Devem inspirarem-se nas associações criadas no seio das categorias profissionais e instituídas desde os primórdios de sua constituição e consolidação enquanto tal, e portanto, sem maior respaldo de legislações e garantias por parte do Estado, tal qual como conhecemos e temos na atualidade, via direitos trabalhistas e previdenciários, via sistema de seguridade social e das políticas sociais, apesar do caráter seletivo e focalizado que portam e as constituem.


Não devem deixar de serem inspiradas também pelas experiências históricas de luta e busca de construção de outra ordem societária, verdadeiramente justa e igualitária, sem dominação e exploração de classe, sem opressões de gênero, de orientação sexual, de raça, sem violências e negações à classe trabalhadora.


Para tanto, e considerando a condição de capitalismo dependente, de superexploração da força de trabalho, o que impõe condições mais agravadas e árduas à sobrevivência da classe trabalhadora brasileira, as ações precisam ser organicamente vinculadas e oriundas da própria classe trabalhadora, do seu reconhecimento enquanto classe.

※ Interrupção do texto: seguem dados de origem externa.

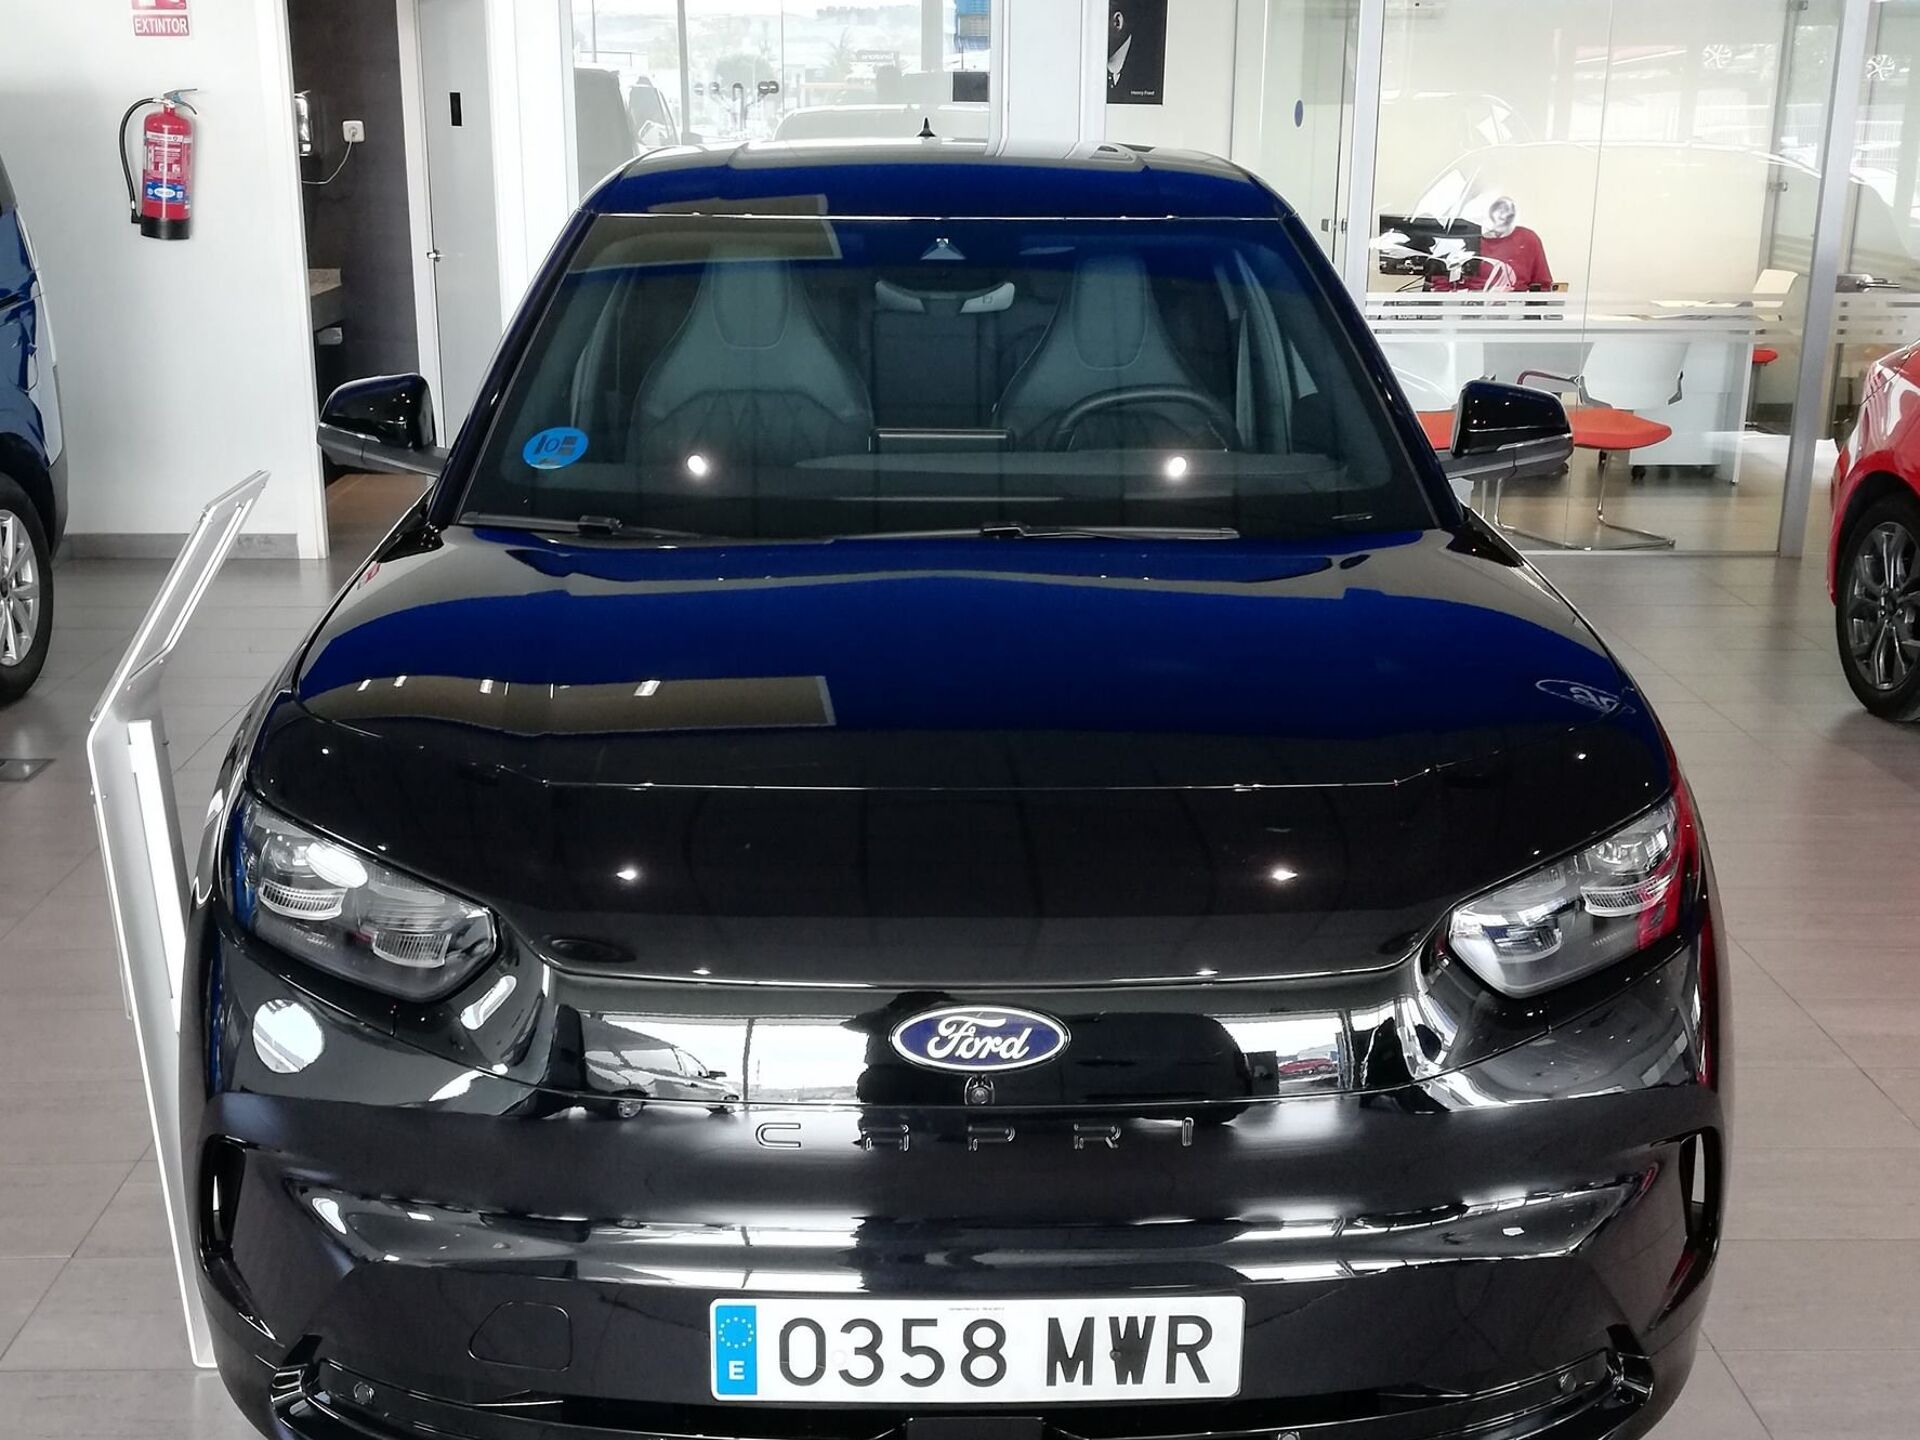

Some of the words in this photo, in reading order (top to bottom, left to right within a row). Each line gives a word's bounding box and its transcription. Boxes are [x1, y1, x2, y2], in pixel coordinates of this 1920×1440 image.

Não pode ser orientada por viés caritativo, apelativo, assistencialista, emergencial, fragmentado e pontual de atuação em decorrência da gravidade da pandemia da COVID-19 e da amplitude que tem tomado, ou seja, não pode ser descolado de perspectivas mais amplas e tensionadoras dessa ordem econômico-social. Momentos de acirramento da própria existência humana tal qual este que estamos vivenciando pela pandemia, não são pontos fora da curva, são uma constante, e por isso precisam ser superados.


A classe trabalhadora porta em suas mãos essa possibilidade histórica. Sem voluntarismos e espontaneístas, sem ações mecanicistas seja individual ou de organizações classistas, mas também, sem desistência, com disposição e ânimo para a árdua tarefa de constituição e potencialização de ‘força social’ necessária para que seja possível não mais sentirmos e vivenciarmos a questão da fome, do medo, das violências e das negações, e sim vivermos plenamente nossos sentidos em coletividade, igualdade e liberdade.